'''

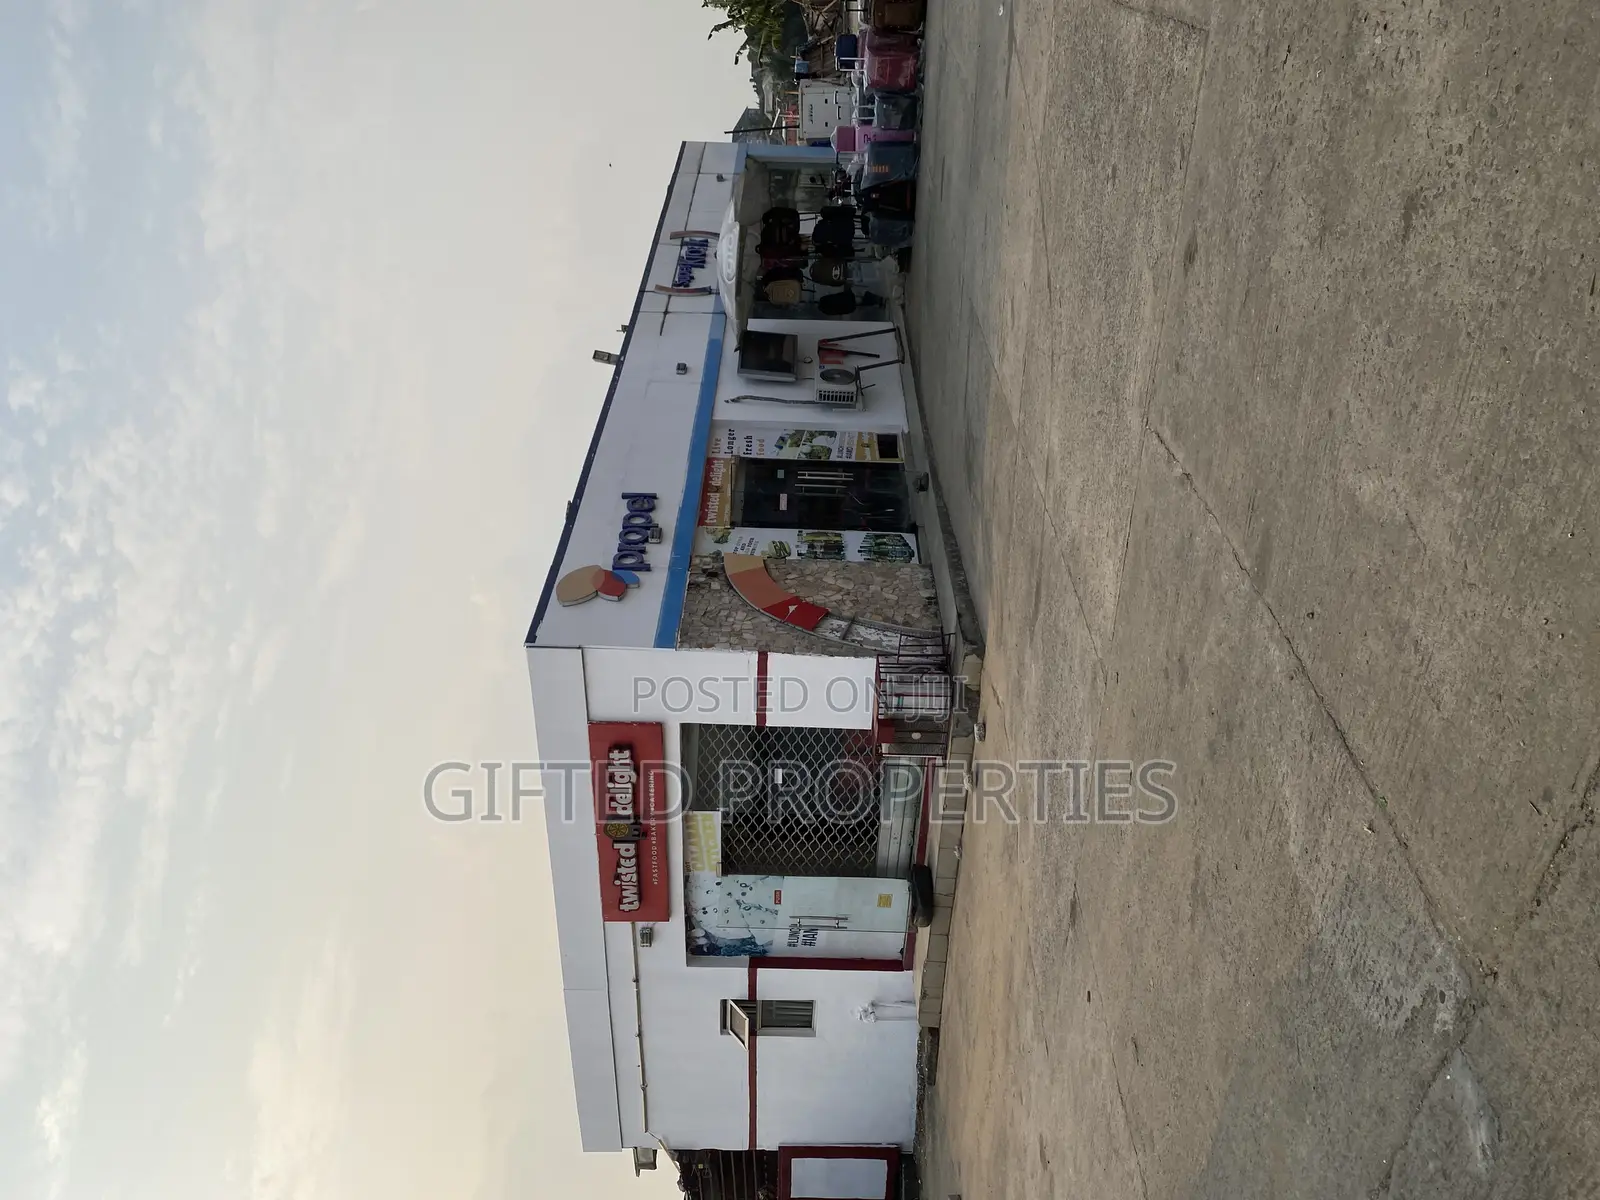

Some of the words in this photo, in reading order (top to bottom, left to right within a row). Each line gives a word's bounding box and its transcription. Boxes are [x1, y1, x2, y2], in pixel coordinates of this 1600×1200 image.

[724, 428, 736, 455] Longer
[742, 435, 752, 456] fresh
[756, 438, 764, 456] food
[708, 460, 726, 486] delight
[704, 492, 720, 523] twisted
[611, 492, 659, 571] propel
[606, 748, 639, 815] delight
[613, 842, 641, 911] twisted
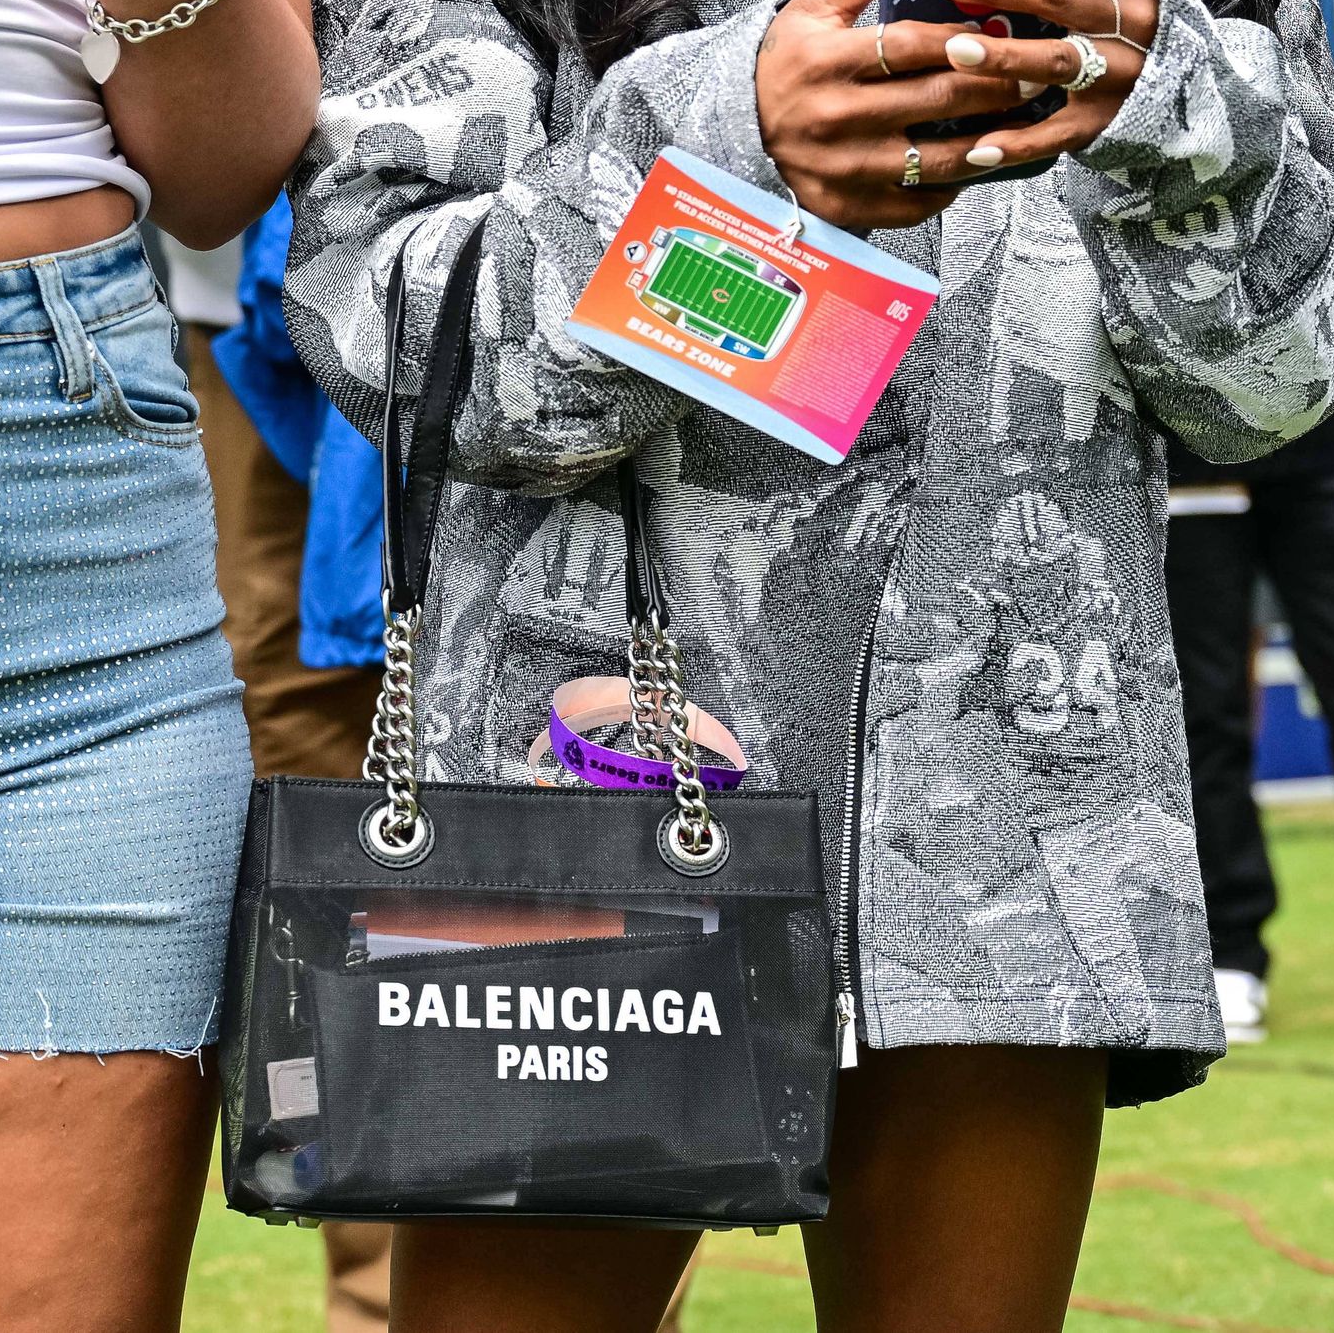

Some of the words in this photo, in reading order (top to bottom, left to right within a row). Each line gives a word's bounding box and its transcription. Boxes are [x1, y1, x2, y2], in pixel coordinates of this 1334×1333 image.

[356, 52, 474, 110] OWENS
[663, 184, 678, 196] NO
[677, 186, 714, 213] STADIUM
[712, 204, 742, 229] ACCESS
[740, 219, 779, 246] WITHOUT
[801, 250, 830, 271] TICKET
[674, 200, 698, 218] FIELD
[696, 211, 726, 233] ACCESS
[725, 224, 765, 250] WEATHER
[763, 243, 812, 275] PERMITTING
[773, 274, 787, 286] SE
[653, 302, 671, 316] NW
[886, 299, 913, 323] 005
[625, 317, 688, 354] BEARS
[685, 345, 737, 379] ZONE
[733, 341, 751, 355] SW
[588, 758, 640, 784] Bears
[376, 980, 722, 1037] BALENCIAGA
[496, 1043, 609, 1082] PARIS
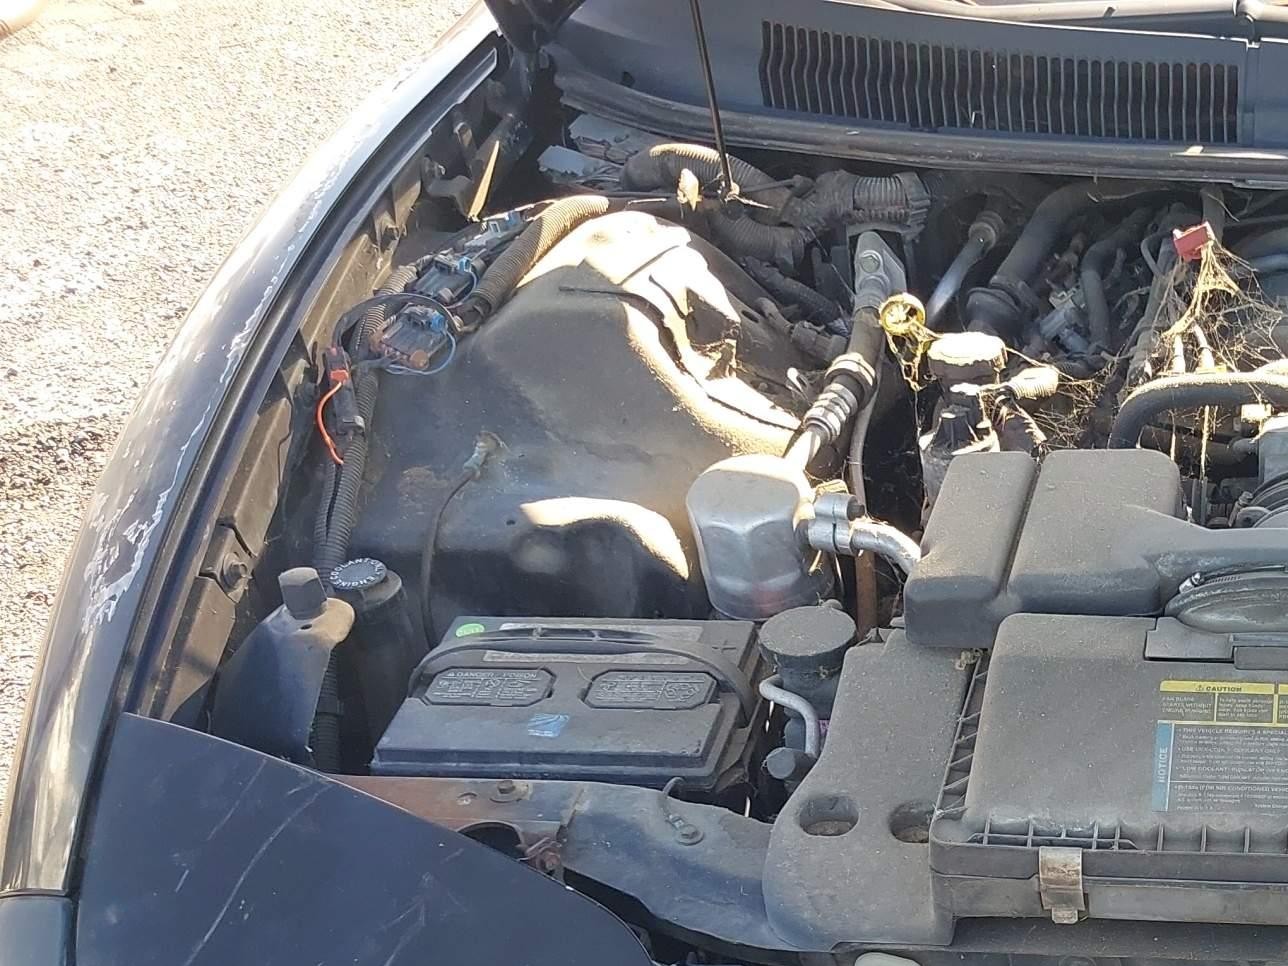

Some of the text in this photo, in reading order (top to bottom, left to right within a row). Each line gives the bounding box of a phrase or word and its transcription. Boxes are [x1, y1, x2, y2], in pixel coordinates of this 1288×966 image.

[329, 557, 370, 580] COOLANT
[1205, 685, 1243, 693] CAUTION
[1157, 746, 1168, 783] NOTICE
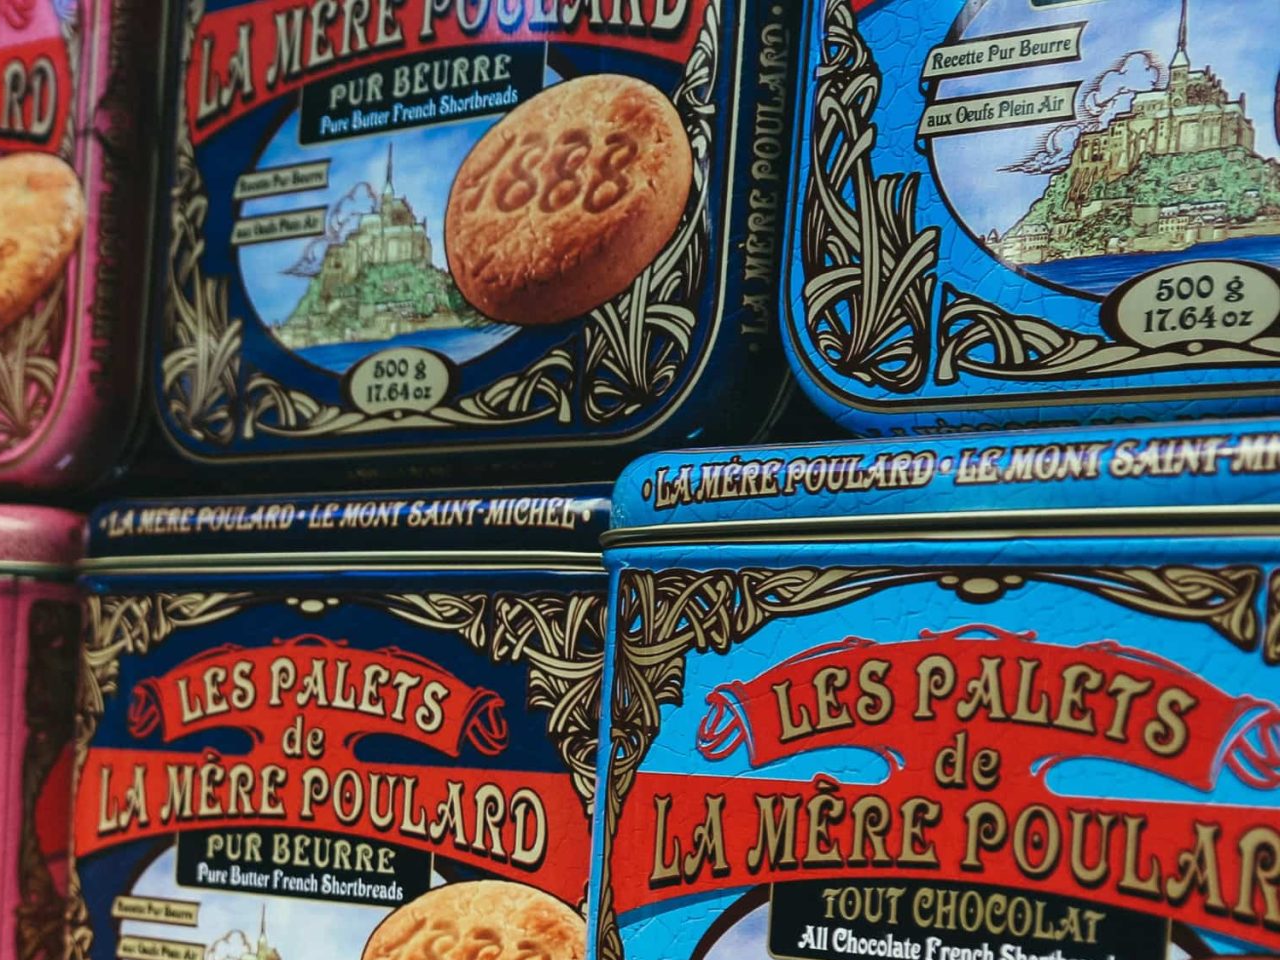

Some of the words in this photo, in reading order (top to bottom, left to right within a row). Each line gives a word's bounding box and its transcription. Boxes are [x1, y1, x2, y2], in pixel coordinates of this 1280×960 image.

[197, 22, 254, 124] LA
[931, 50, 984, 71] Recette
[988, 44, 1016, 62] Pur
[1019, 38, 1072, 58] Beurre
[329, 73, 384, 110] PUR
[392, 54, 512, 98] BEURRE
[751, 23, 789, 181] POULARD
[320, 115, 349, 135] Pure
[351, 108, 389, 129] Butter
[393, 100, 437, 122] French
[439, 85, 519, 116] Shortbreads
[927, 113, 953, 128] aux
[956, 103, 995, 124] Oeufs
[998, 100, 1035, 119] Plein
[1037, 95, 1065, 114] Air
[462, 127, 639, 214] 1888
[738, 188, 777, 282] MÈRE
[1155, 275, 1215, 302] 500
[1224, 275, 1245, 303] g
[741, 293, 769, 336] LA
[1143, 304, 1218, 333] 17.64
[1221, 309, 1255, 328] oz
[367, 382, 411, 404] 17.64
[413, 385, 433, 400] oz
[373, 358, 409, 379] 500
[655, 465, 693, 508] LA
[783, 450, 939, 494] POULARD
[955, 446, 1005, 485] LE
[1004, 440, 1112, 481] MONT
[107, 508, 135, 539] LA
[196, 503, 296, 532] POULARD
[308, 502, 340, 530] LE
[339, 501, 408, 529] MONT
[407, 497, 576, 531] SAINT-MICHEL
[176, 659, 258, 725] LES
[269, 657, 450, 734] PALETS
[770, 659, 896, 744] LES
[912, 652, 1200, 759] PALETS
[281, 713, 326, 759] de
[931, 729, 1003, 789] de
[96, 763, 150, 837] LA
[300, 766, 548, 866] POULARD
[206, 832, 263, 862] PUR
[271, 833, 396, 875] BEURRE
[648, 794, 732, 887] LA
[196, 861, 227, 884] Pure
[229, 865, 270, 889] Butter
[272, 868, 319, 893] French
[320, 873, 404, 901] Shortbreads
[821, 886, 907, 925] TOUT
[912, 887, 1108, 944] CHOCOLAT
[797, 925, 828, 951] All
[831, 927, 922, 960] Chocolate

'''

TASK REQUIREMENTS ::
Exactly as written, copy out the listing, but without any pictures.

ANSWER TO THE EXERCISE ::
Some of the words in this photo, in reading order (top to bottom, left to right within a row). Each line gives a word's bounding box and its transcription. Boxes are [x1, y1, x2, y2], in pixel coordinates of this 1600×1200 image.

[724, 428, 736, 455] Longer
[742, 435, 752, 456] fresh
[756, 438, 764, 456] food
[708, 460, 726, 486] delight
[704, 492, 720, 523] twisted
[611, 492, 659, 571] propel
[606, 748, 639, 815] delight
[613, 842, 641, 911] twisted

Some of the words in this photo, in reading order (top to bottom, left to right within a row). Each line gives a word's bounding box and its transcription. Boxes are [x1, y1, x2, y2], in pixel coordinates of this 1334×1333 image.

[356, 52, 474, 110] OWENS
[663, 184, 678, 196] NO
[677, 186, 714, 213] STADIUM
[712, 204, 742, 229] ACCESS
[740, 219, 779, 246] WITHOUT
[801, 250, 830, 271] TICKET
[674, 200, 698, 218] FIELD
[696, 211, 726, 233] ACCESS
[725, 224, 765, 250] WEATHER
[763, 243, 812, 275] PERMITTING
[773, 274, 787, 286] SE
[653, 302, 671, 316] NW
[886, 299, 913, 323] 005
[625, 317, 688, 354] BEARS
[685, 345, 737, 379] ZONE
[733, 341, 751, 355] SW
[588, 758, 640, 784] Bears
[376, 980, 722, 1037] BALENCIAGA
[496, 1043, 609, 1082] PARIS

Some of the text in this photo, in reading order (top to bottom, left to right within a row). Each line gives the bounding box of a phrase or word and its transcription. Boxes are [x1, y1, x2, y2], in pixel coordinates of this 1288×966 image.

[329, 557, 370, 580] COOLANT
[1205, 685, 1243, 693] CAUTION
[1157, 746, 1168, 783] NOTICE

Some of the words in this photo, in reading order (top to bottom, left to right within a row). Each line gives a word's bounding box and its transcription. Boxes are [x1, y1, x2, y2], in pixel coordinates of this 1280×960 image.

[197, 22, 254, 124] LA
[931, 50, 984, 71] Recette
[988, 44, 1016, 62] Pur
[1019, 38, 1072, 58] Beurre
[329, 73, 384, 110] PUR
[392, 54, 512, 98] BEURRE
[751, 23, 789, 181] POULARD
[320, 115, 349, 135] Pure
[351, 108, 389, 129] Butter
[393, 100, 437, 122] French
[439, 85, 519, 116] Shortbreads
[927, 113, 953, 128] aux
[956, 103, 995, 124] Oeufs
[998, 100, 1035, 119] Plein
[1037, 95, 1065, 114] Air
[462, 127, 639, 214] 1888
[738, 188, 777, 282] MÈRE
[1155, 275, 1215, 302] 500
[1224, 275, 1245, 303] g
[741, 293, 769, 336] LA
[1143, 304, 1218, 333] 17.64
[1221, 309, 1255, 328] oz
[367, 382, 411, 404] 17.64
[413, 385, 433, 400] oz
[373, 358, 409, 379] 500
[655, 465, 693, 508] LA
[783, 450, 939, 494] POULARD
[955, 446, 1005, 485] LE
[1004, 440, 1112, 481] MONT
[107, 508, 135, 539] LA
[196, 503, 296, 532] POULARD
[308, 502, 340, 530] LE
[339, 501, 408, 529] MONT
[407, 497, 576, 531] SAINT-MICHEL
[176, 659, 258, 725] LES
[269, 657, 450, 734] PALETS
[770, 659, 896, 744] LES
[912, 652, 1200, 759] PALETS
[281, 713, 326, 759] de
[931, 729, 1003, 789] de
[96, 763, 150, 837] LA
[300, 766, 548, 866] POULARD
[206, 832, 263, 862] PUR
[271, 833, 396, 875] BEURRE
[648, 794, 732, 887] LA
[196, 861, 227, 884] Pure
[229, 865, 270, 889] Butter
[272, 868, 319, 893] French
[320, 873, 404, 901] Shortbreads
[821, 886, 907, 925] TOUT
[912, 887, 1108, 944] CHOCOLAT
[797, 925, 828, 951] All
[831, 927, 922, 960] Chocolate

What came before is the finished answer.